End of week 5 deliverable: 100% of new traffic on the self-hosted endpoint. OpenAI fallback retained. Production drift dashboard live.
#Week 6, handover
fastpriors: document the runbooks. On-call playbook, eval drift response, common incidents, dependency upgrade procedure. Train the customer team through a runbook walk-through and a deliberate fault-injection drill.
Customer team: first on-call rotation including the new endpoint. We pair-on-call for week 6 and 7, then they own it.
End of week 6 deliverable: handover document signed. Customer team has shipped one configuration change to the new endpoint themselves. We are reachable for clarification questions for 90 days post-engagement at no charge.
#Where the failure modes hide
The 6-week schedule has three high-risk points:
- End of week 2: the parity test reveals a regression that does not fit in the planned tuning effort. Scope renegotiation needed. We catch this early because the parity work is week 2, not week 5.
- Middle of week 4: shadow traffic reveals an edge case that the static eval did not catch. Usually fixable with a tuning change; occasionally requires scope renegotiation.
- Beginning of week 5: the customer team realizes they are not yet comfortable owning the new system. The schedule extends by 1–2 weeks of additional pairing. We plan for this implicitly via the 90-day post-engagement support window.

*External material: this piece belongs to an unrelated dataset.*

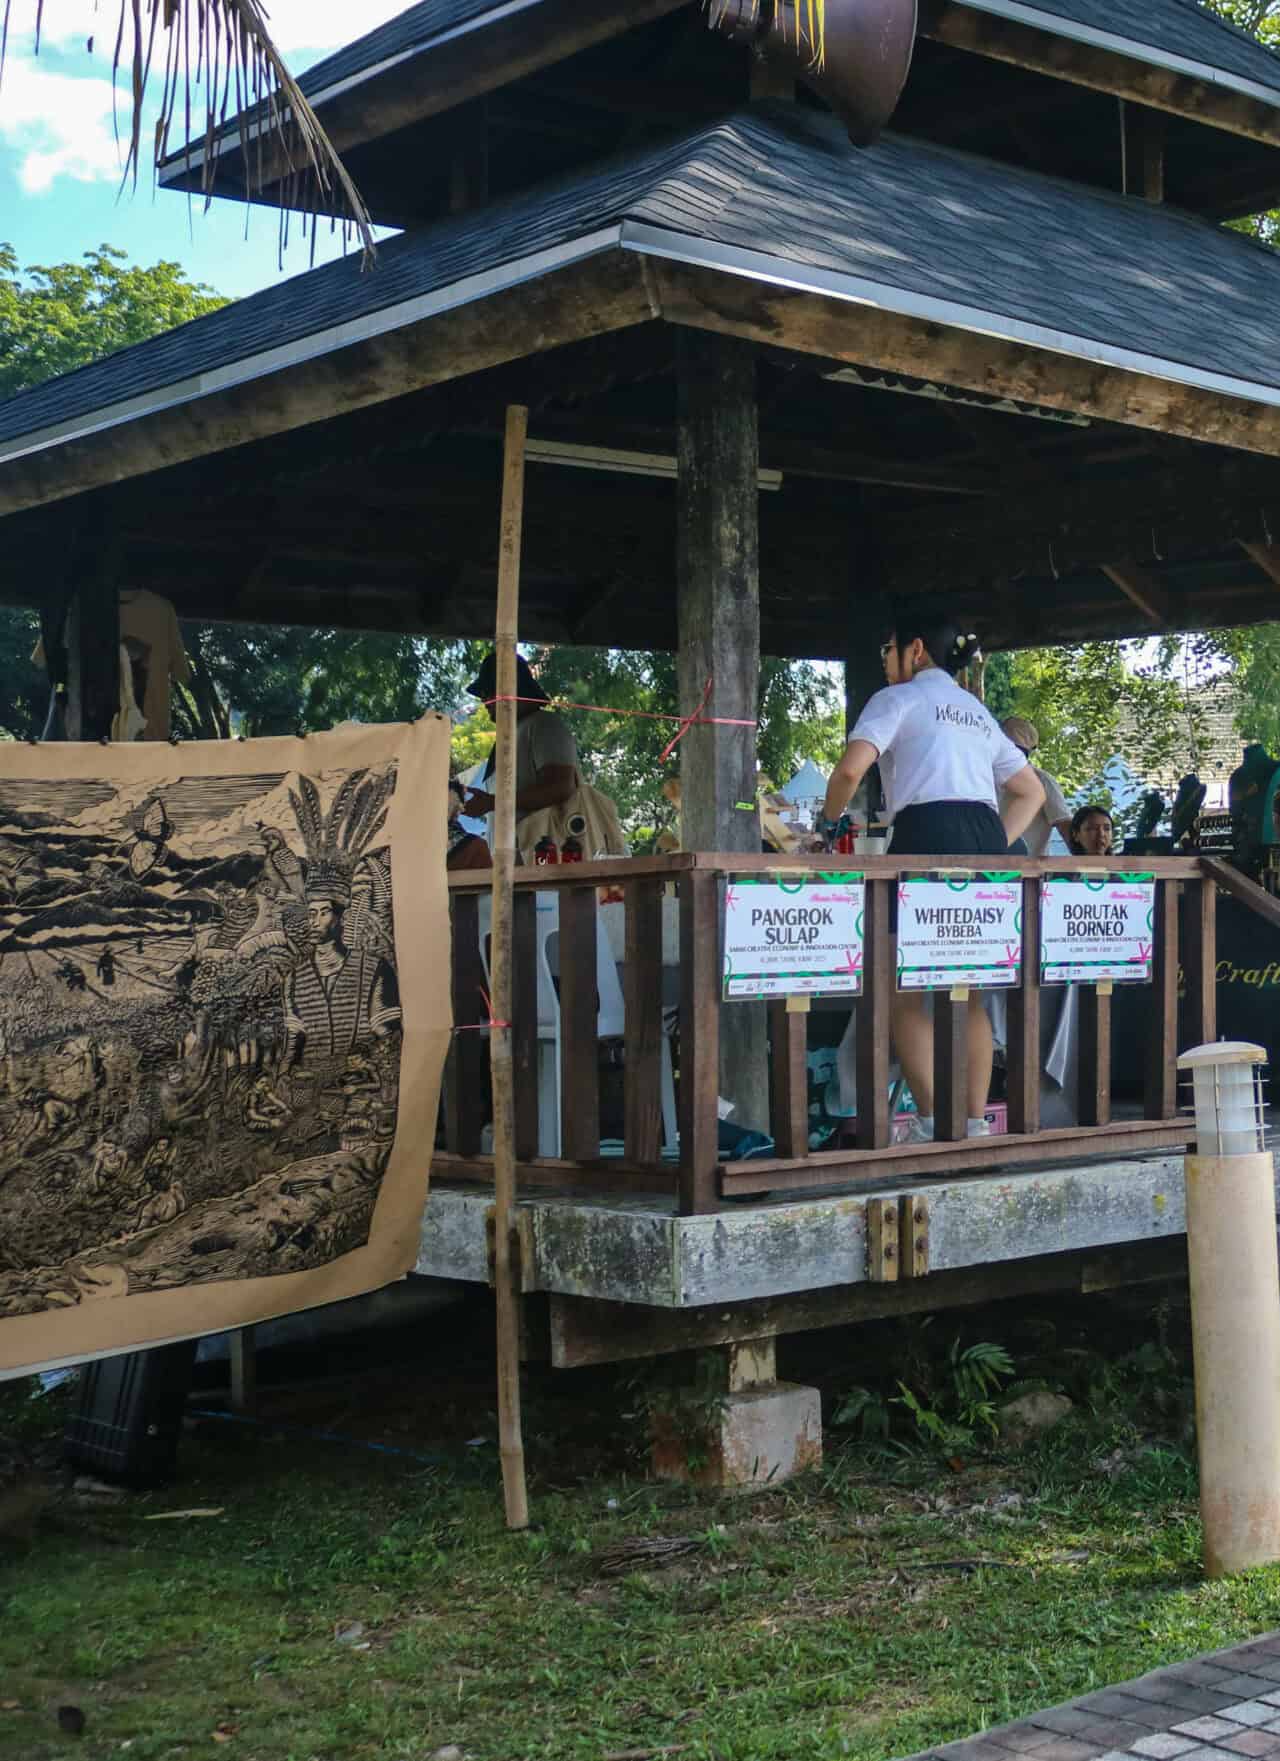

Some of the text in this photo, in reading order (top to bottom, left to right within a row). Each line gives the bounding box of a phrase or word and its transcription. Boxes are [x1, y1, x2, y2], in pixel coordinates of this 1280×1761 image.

#What does NOT belong in 6 weeks
- Multi-region deployment from scratch.
- Custom kernel work.
- Compliance-heavy deployment (HIPAA, FedRAMP, ITAR), add 4–6 weeks for the compliance work.
- Migrating multiple models simultaneously, do them in series.
- Net-new evaluation infrastructure if the customer has none, add 2–3 weeks.
If your situation has any of those, the migration schedule is 8–14 weeks instead of 6. The shape is the same; the phases are longer.
#The single biggest piece of advice
Do the eval-parity work in week 2. Not week 5. The teams that fail at this kind of migration almost universally underestimated the eval phase, started it too late, and ended up either shipping a regression or rolling back the cutover.
If you only remember one thing from this playbook, it is that the eval suite is the gate. Build it, measure against it, do not flip traffic without it. Everything else is detail.